[Opening RECORDED DATA section]
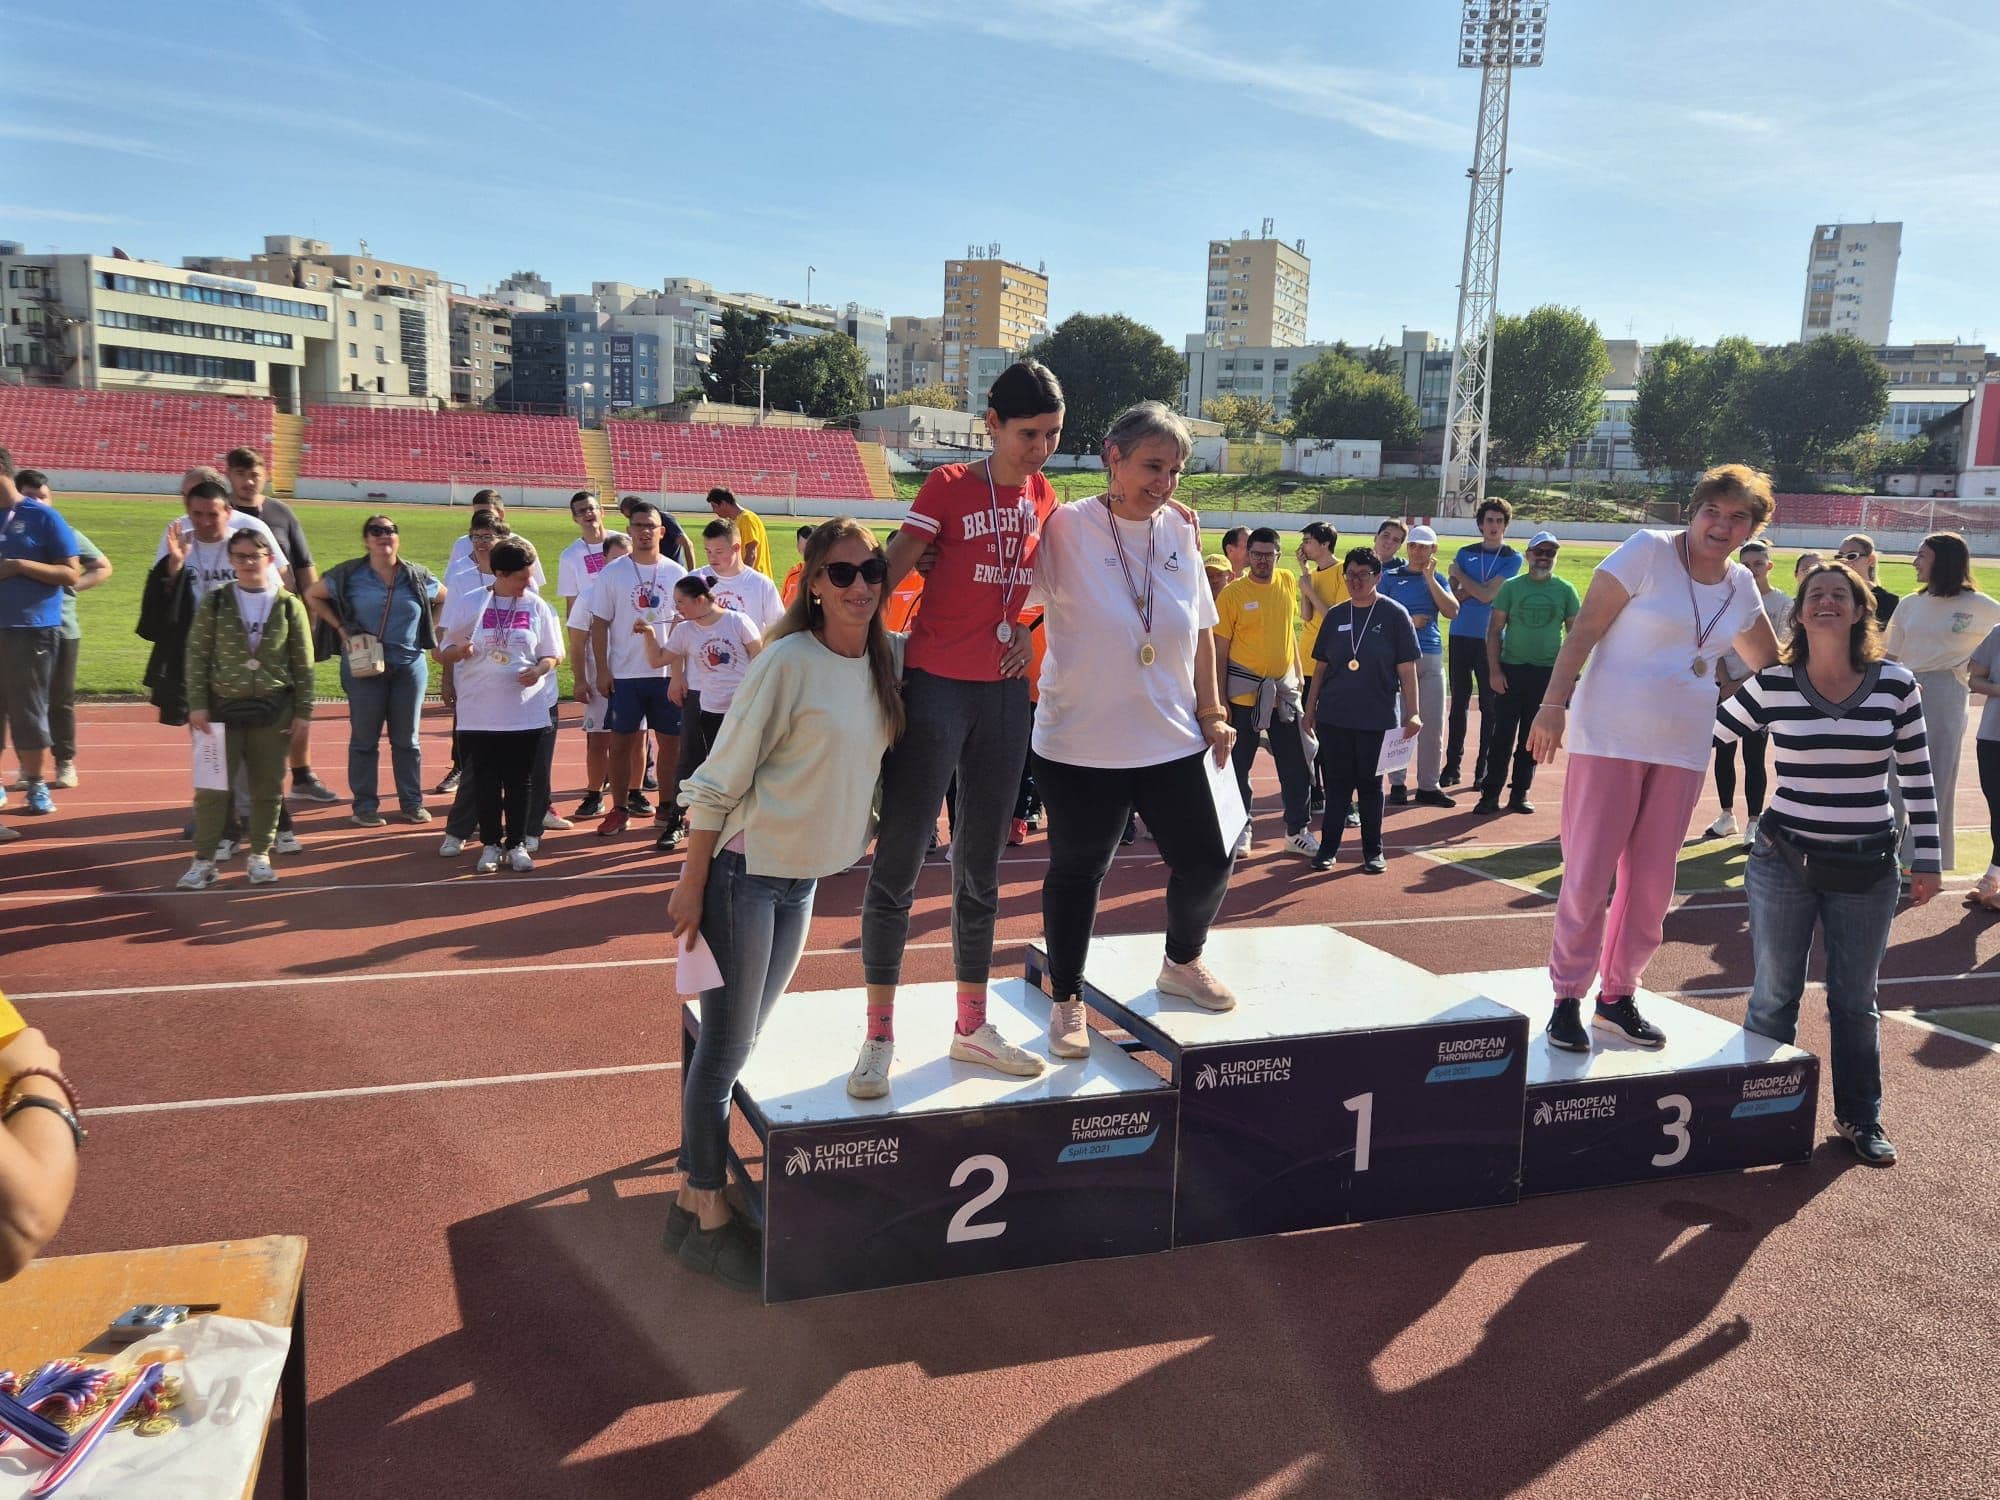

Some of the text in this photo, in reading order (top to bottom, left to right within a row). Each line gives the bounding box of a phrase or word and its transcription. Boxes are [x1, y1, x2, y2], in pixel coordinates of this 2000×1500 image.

[1005, 537, 1018, 558] U
[1438, 1036, 1506, 1055] EUROPEAN
[1437, 1048, 1505, 1063] THROWING CUP
[1220, 1056, 1292, 1074] EUROPEAN
[1219, 1069, 1291, 1087] ATHLETICS
[1742, 1074, 1801, 1092] EUROPEAN
[1742, 1085, 1799, 1099] THROWING CUP
[1555, 1094, 1617, 1112] EUROPEAN
[1071, 1111, 1150, 1132] EUROPEAN
[1554, 1105, 1616, 1123] ATHLETICS
[1071, 1124, 1148, 1142] THROWING CUP
[1342, 1091, 1374, 1172] 1
[1651, 1093, 1693, 1167] 3
[815, 1137, 899, 1158] EUROPEAN
[1067, 1144, 1110, 1158] Split 2021
[814, 1150, 899, 1172] ATHLETICS
[946, 1153, 1009, 1244] 2
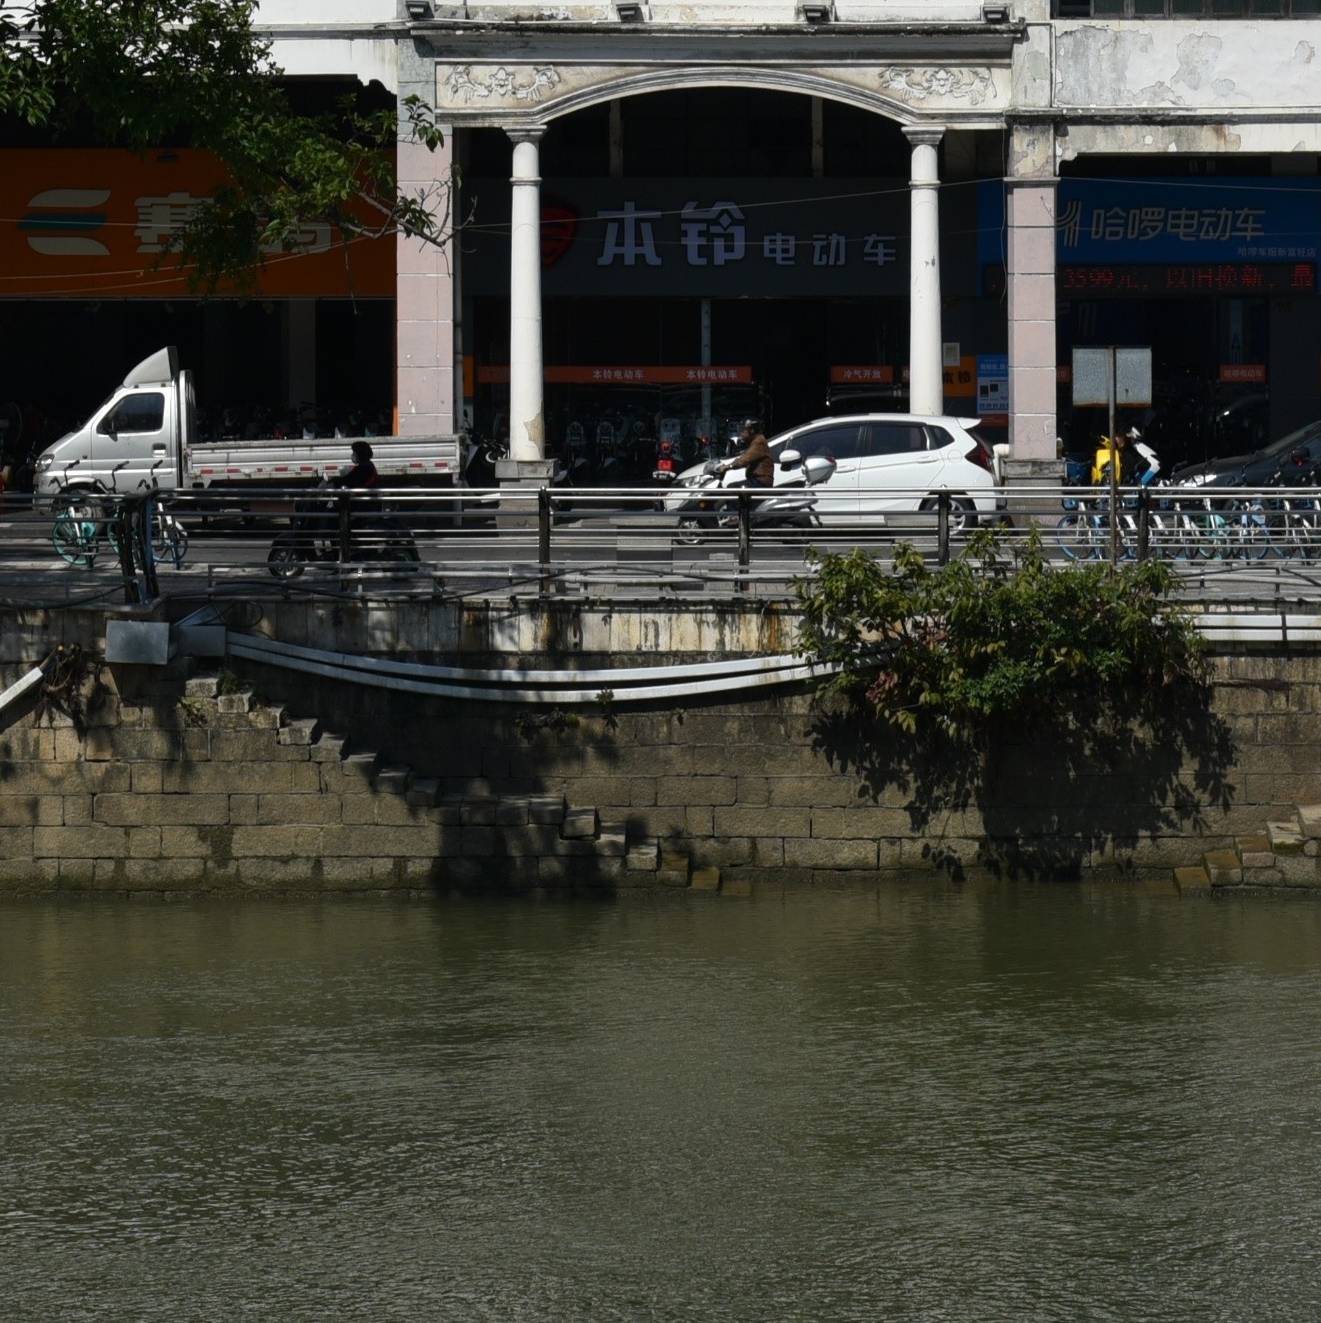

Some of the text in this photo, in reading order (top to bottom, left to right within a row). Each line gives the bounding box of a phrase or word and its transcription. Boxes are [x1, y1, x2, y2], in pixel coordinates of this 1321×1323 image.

[1089, 207, 1267, 242] 哈啰电动车
[592, 368, 645, 380] 本铃电动车
[685, 368, 739, 380] 本铃电动车
[843, 369, 882, 380] 冷气开放
[Closing RECORDED DATA section]
TASK DETAILS — Restate the listing above word for word, and skip the pictures.

RESULT BELOW —
Some of the text in this photo, in reading order (top to bottom, left to right within a row). Each line gives the bounding box of a phrase or word and its transcription. Boxes are [x1, y1, x2, y2], in pixel coordinates of this 2000×1500 image.

[1005, 537, 1018, 558] U
[1438, 1036, 1506, 1055] EUROPEAN
[1437, 1048, 1505, 1063] THROWING CUP
[1220, 1056, 1292, 1074] EUROPEAN
[1219, 1069, 1291, 1087] ATHLETICS
[1742, 1074, 1801, 1092] EUROPEAN
[1742, 1085, 1799, 1099] THROWING CUP
[1555, 1094, 1617, 1112] EUROPEAN
[1071, 1111, 1150, 1132] EUROPEAN
[1554, 1105, 1616, 1123] ATHLETICS
[1071, 1124, 1148, 1142] THROWING CUP
[1342, 1091, 1374, 1172] 1
[1651, 1093, 1693, 1167] 3
[815, 1137, 899, 1158] EUROPEAN
[1067, 1144, 1110, 1158] Split 2021
[814, 1150, 899, 1172] ATHLETICS
[946, 1153, 1009, 1244] 2

Some of the text in this photo, in reading order (top to bottom, left to right within a row). Each line gives the bounding box of a phrase or word and its transcription. Boxes are [x1, y1, x2, y2], in pixel coordinates of this 1321×1323 image.

[1089, 207, 1267, 242] 哈啰电动车
[592, 368, 645, 380] 本铃电动车
[685, 368, 739, 380] 本铃电动车
[843, 369, 882, 380] 冷气开放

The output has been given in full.